Good points, Chris - the 190 just couldn't lug a very heavy payload. She was an excellent ship too. Don't forget though, that 2 engines has some strong advantages over a single engine ship. The onvious one being that you lose one - you're still in business. Although, they were liquid cooled vs the 190s radial. I must admit I don't know a whole lot about attrition rates of 190s vs 38s in the ground attack role...


----------



## spit_ace'43 (Dec 17, 2006)

the mosquito gets my vote. Fast like a fighter, strong like a bomber, and wooden like the plane of a country losing the war.


----------



## Seawitch (Dec 17, 2006)

I was thinking the same thing as I entered the thread! Also the Worlds first _Stealth Aircraft_ surely?


----------



## Reluctant Poster (Dec 17, 2006)

mkloby said:


> Sure Stangs and 190s could perform attack roles, but the 51 could carry 2000lbs of ordnance and the 190F could only carry 2646lbs. That's a big difference. 190s had short range also. All this means is that the P-38 was better equipped for attack roles than the other mentioned A/C.




Again the ability to carry 2 x 2000 lb bombs was an academic exercise with no real practical value. The AAF felt that the 500lb GP bomb was effective against almost all targets and hence standardized on it. Over 80% of the bombs dropped by fighter bombers in the ETO were 500 lb GP, less than 10% were 1000 lb GP with the rest including fragmentation, rockets and napalm. The puny little P-51 could carry 2 -500 lb bombs farther than the mighty P-38. P-38 - 260 miles combat radius vs P-51 - 325 miles. (from American Fighter Bomber by William Wolf)


----------



## mkloby (Dec 18, 2006)

Reluctant Poster said:


> Again the ability to carry 2 x 2000 lb bombs was an academic exercise with no real practical value. The AAF felt that the 500lb GP bomb was effective against almost all targets and hence standardized on it. Over 80% of the bombs dropped by fighter bombers in the ETO were 500 lb GP, less than 10% were 1000 lb GP with the rest including fragmentation, rockets and napalm. The puny little P-51 could carry 2 -500 lb bombs farther than the mighty P-38. P-38 - 260 miles combat radius vs P-51 - 325 miles. (from American Fighter Bomber by William Wolf)

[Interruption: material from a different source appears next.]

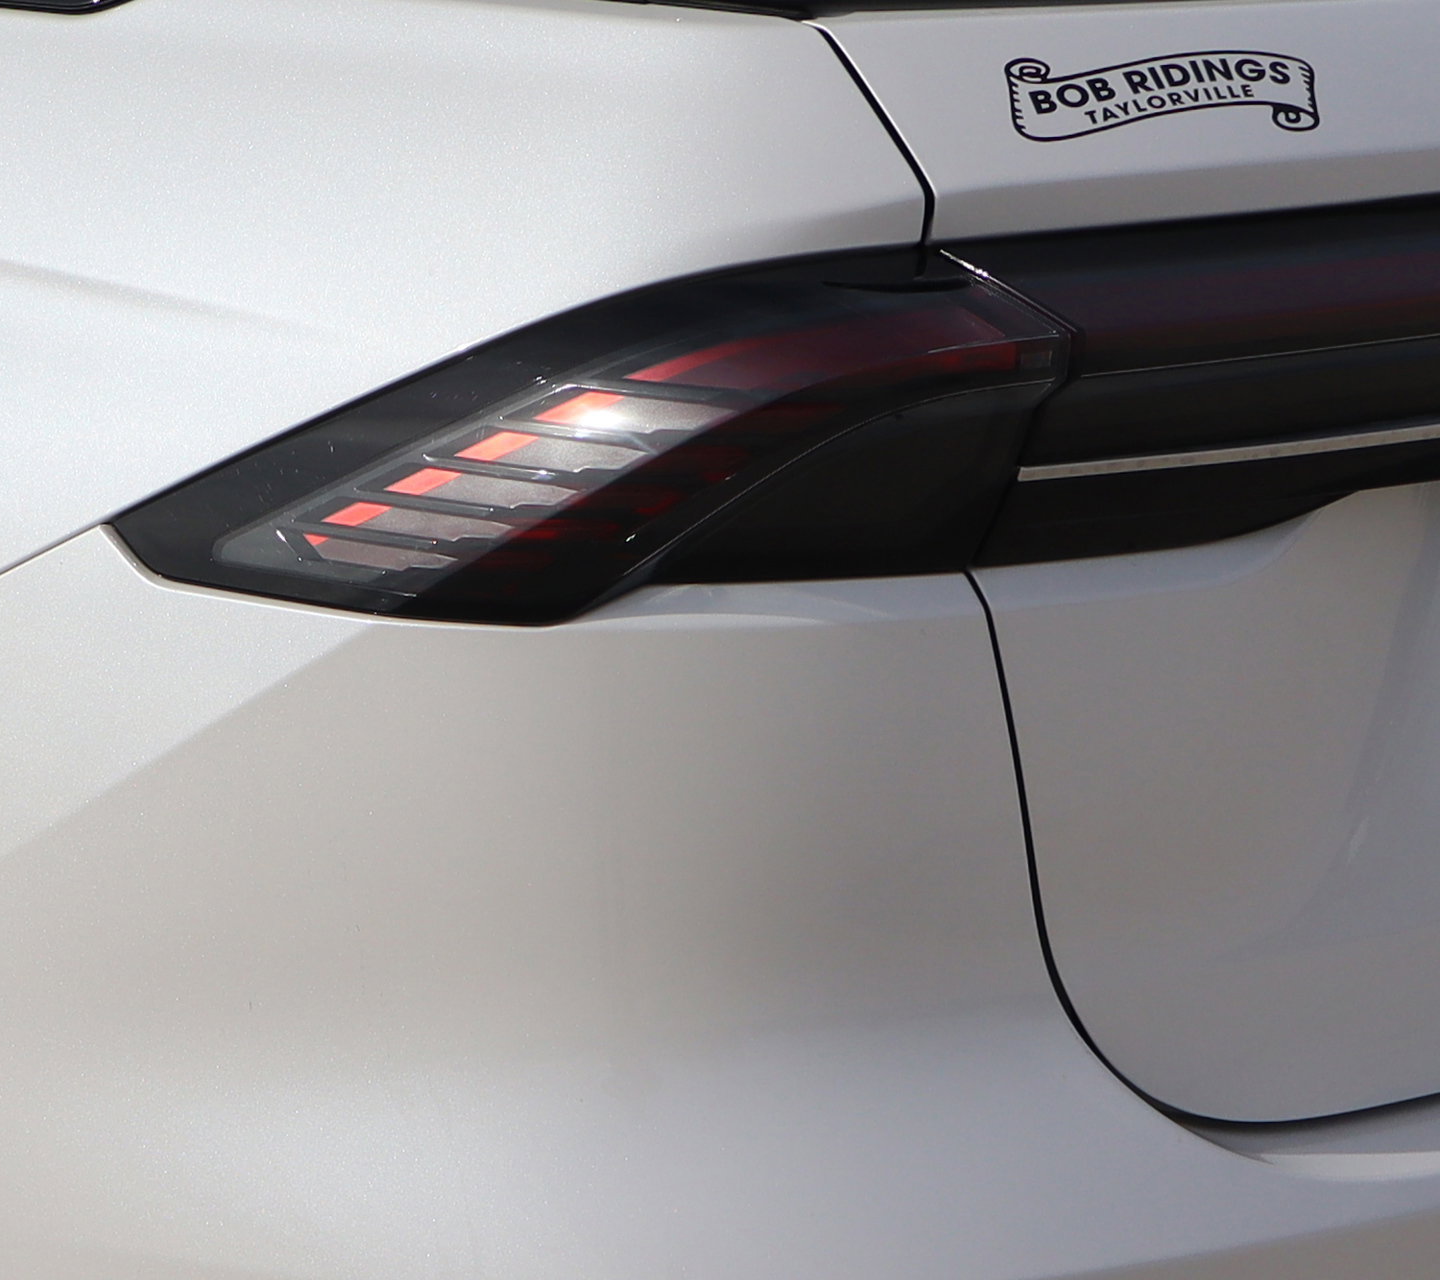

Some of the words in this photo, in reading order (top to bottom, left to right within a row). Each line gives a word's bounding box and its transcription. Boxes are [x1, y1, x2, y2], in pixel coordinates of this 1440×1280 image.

I'm having a hard time trying to find range w/ particular bombloads for aircraft. Too bad I can't find the charts. I found one that stated 38 bombload of 3200 lbs w/ a range of 450 miles, while the 51 w/ a 2000lb load a range of 950 miles.


----------



## DerAdlerIstGelandet (Dec 18, 2006)

mkloby said:


> Good points, Chris - the 190 just couldn't lug a very heavy payload. She was an excellent ship too. Don't forget though, that 2 engines has some strong advantages over a single engine ship. The onvious one being that you lose one - you're still in business. Although, they were liquid cooled vs the 190s radial. I must admit I don't know a whole lot about attrition rates of 190s vs 38s in the ground attack role...



Actually the Fw-190G-3 could carry 3968lb of bombs. Thats just about as much as a P-38 could carry.


----------



## the lancaster kicks ass (Dec 18, 2006)

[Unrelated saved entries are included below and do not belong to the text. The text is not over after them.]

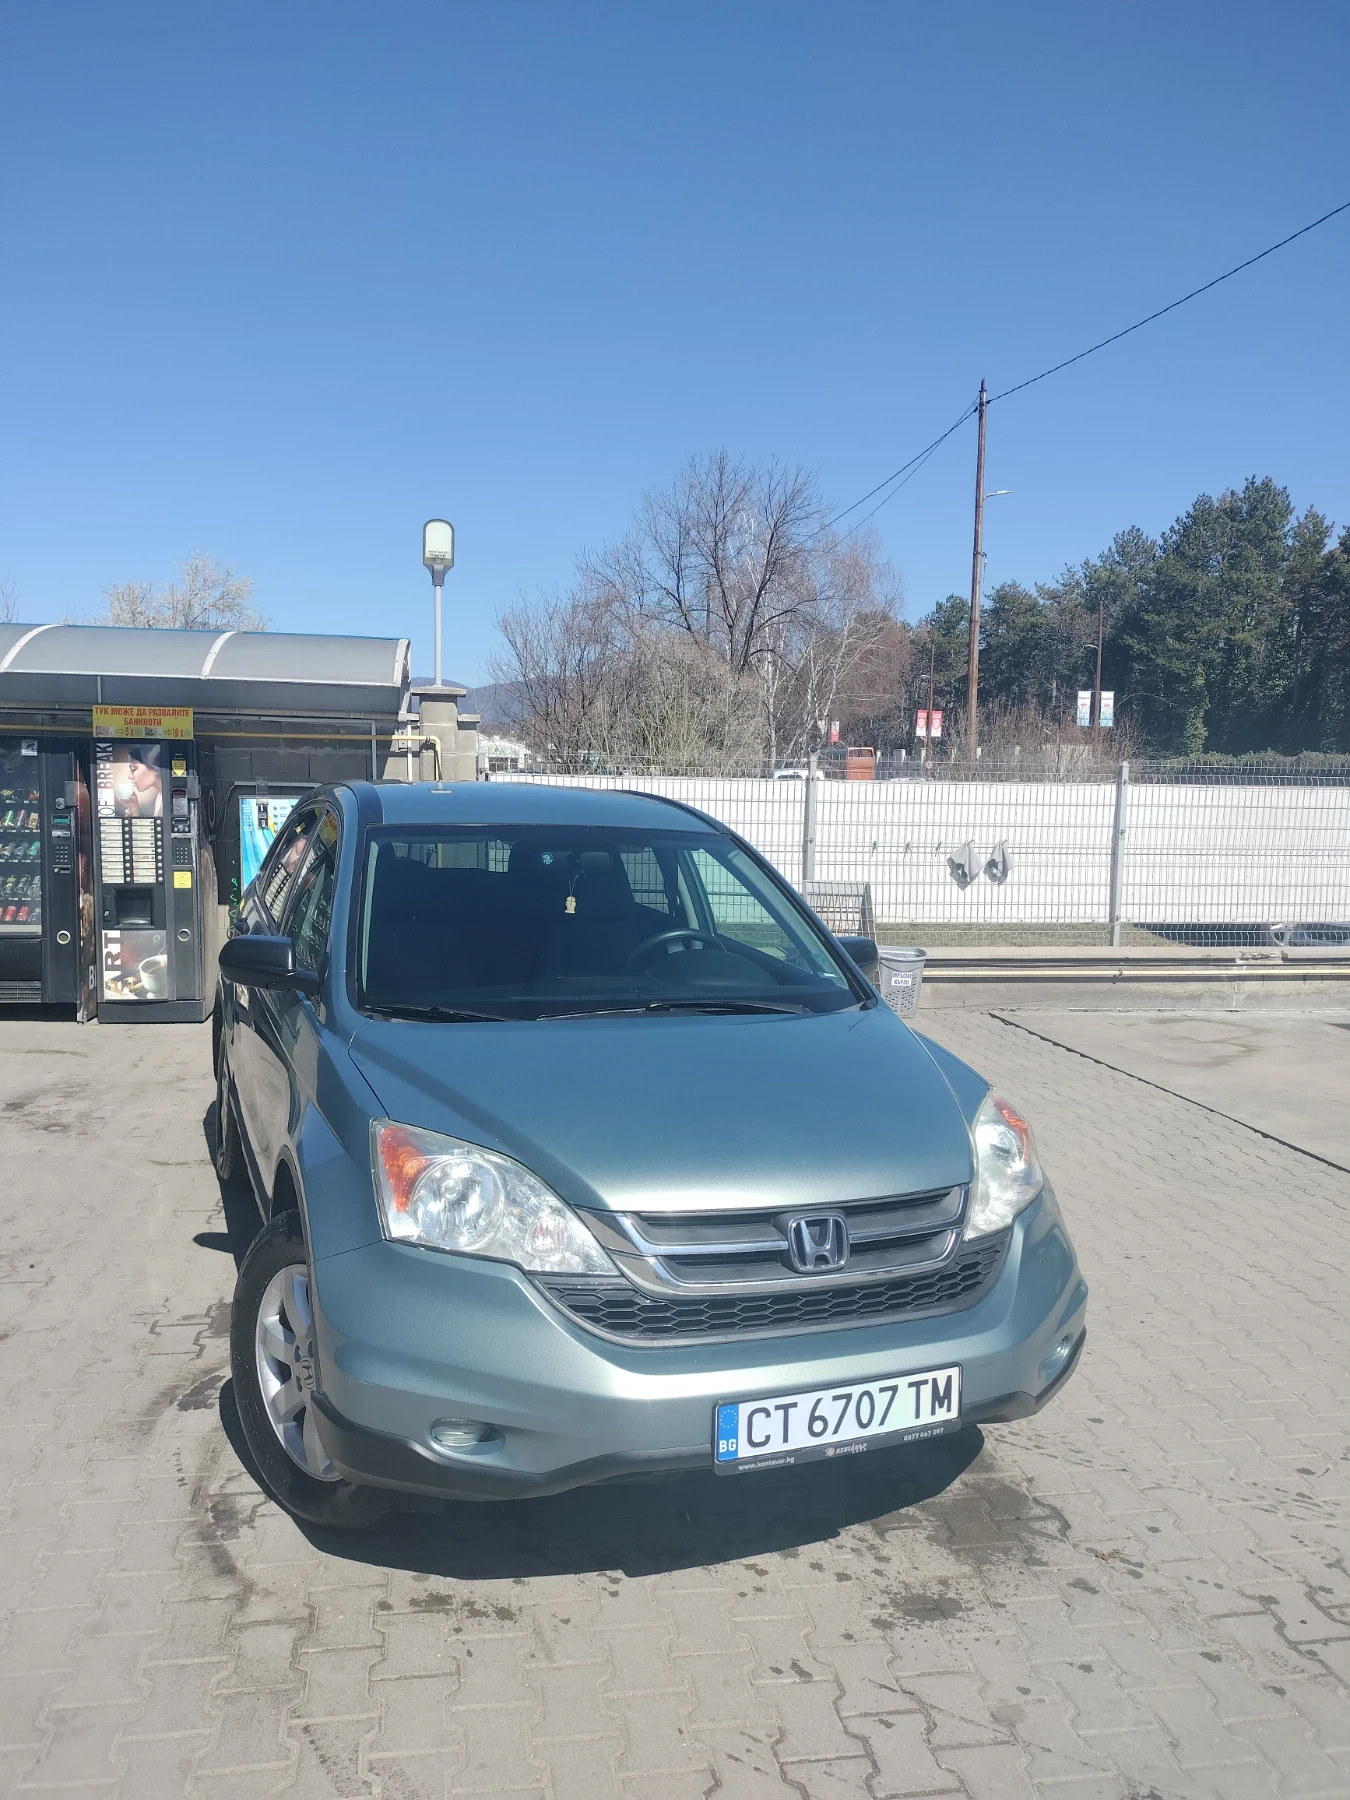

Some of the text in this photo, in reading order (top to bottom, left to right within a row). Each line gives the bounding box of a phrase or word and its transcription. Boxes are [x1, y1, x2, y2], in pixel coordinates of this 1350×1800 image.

[95, 707, 190, 717] ТУК МОЖЕ ДА РАЗВАЛИТЕ
[124, 717, 162, 726] БАНКНОТИ
[125, 727, 129, 736] 5
[747, 1374, 953, 1449] CT 6707 TM
[903, 1433, 919, 1441] 0877
[719, 1438, 737, 1453] BG
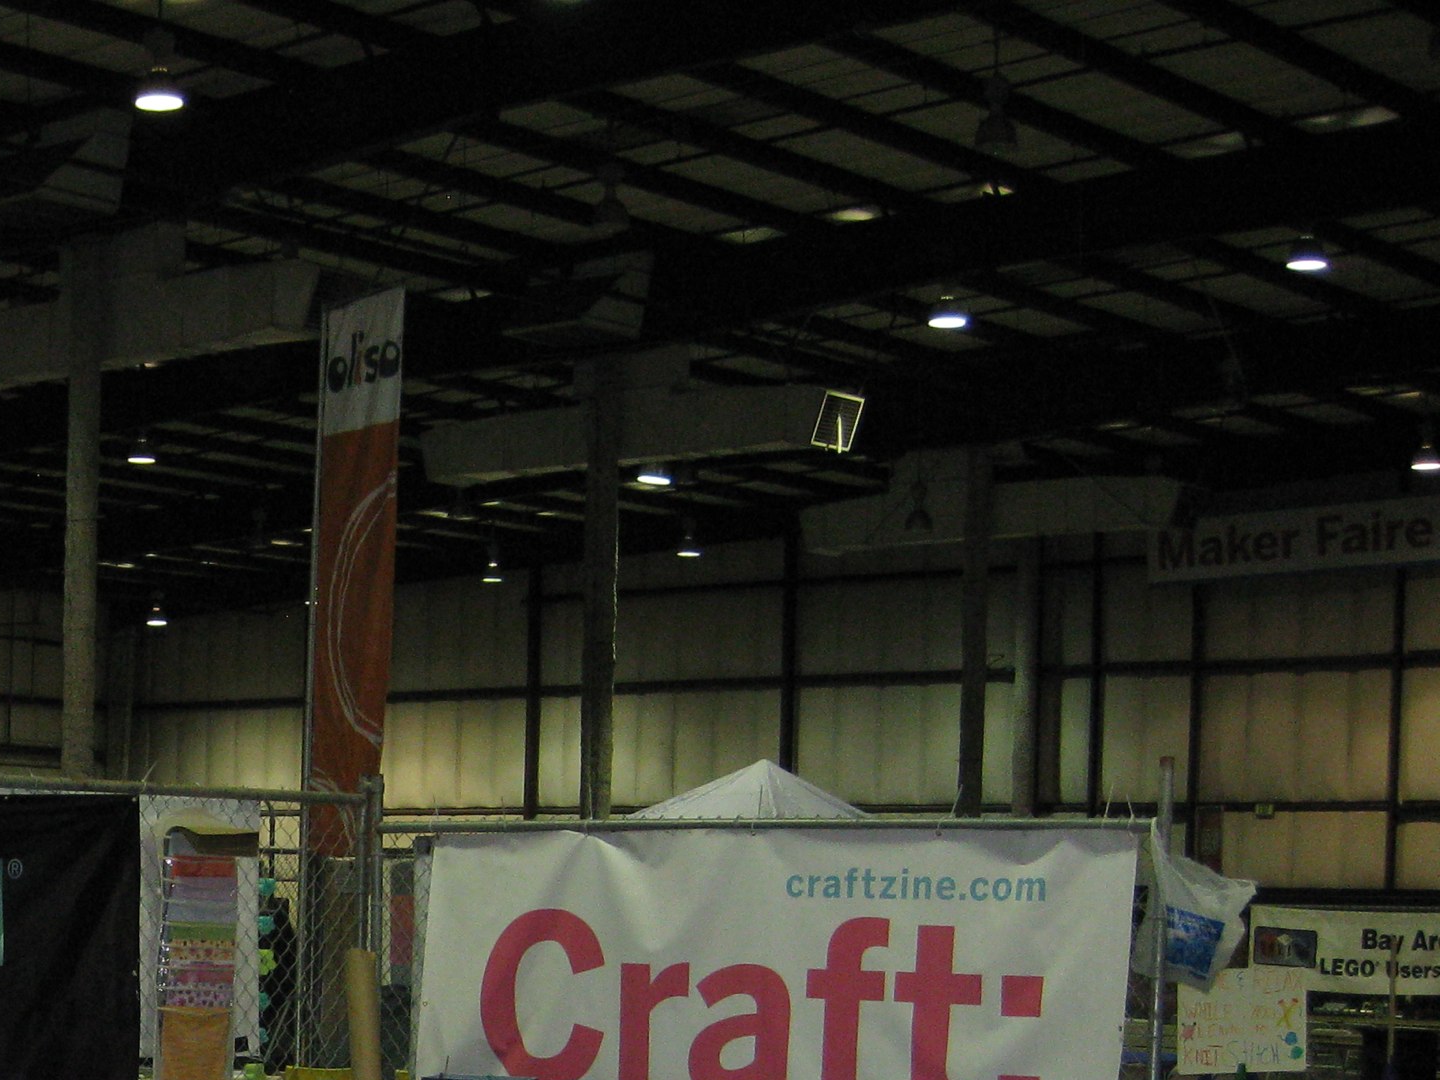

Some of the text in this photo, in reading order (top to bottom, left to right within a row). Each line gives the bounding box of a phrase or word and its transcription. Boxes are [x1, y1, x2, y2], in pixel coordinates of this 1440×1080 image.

[1158, 510, 1433, 570] Maker Faire
[786, 868, 1047, 902] craftzine.com
[1361, 928, 1440, 954] Bay Ar

and you can't compare the payloads of a single engine against a twin engine, the payload of the P-38 is not something to write home about the P-38 was NOT a bomber (don't bother with the droop-snoots what's the point?) whereas the mosquito was a bomber and well proven in the role, bombing's about more than the mass you can carry, the cookie block buster is widely accepted to be one of the most successful bombs of the war which the P-38 couldn't carry let alone carry internally, what kind of bomber has can't take an internal payload? hence just one of the reasons the droop-snoots might as well be ignored, plus of course the useless strategy of everyone dropping the same time as the lead ship, if that's the case what's the point in being accurate?


----------



## DerAdlerIstGelandet (Dec 18, 2006)

And the only thing that was more versatile than the Mossie was the Ju-88 even though I think the P-38 was possibly just as versatile as the Mossie.


----------



## the lancaster kicks ass (Dec 18, 2006)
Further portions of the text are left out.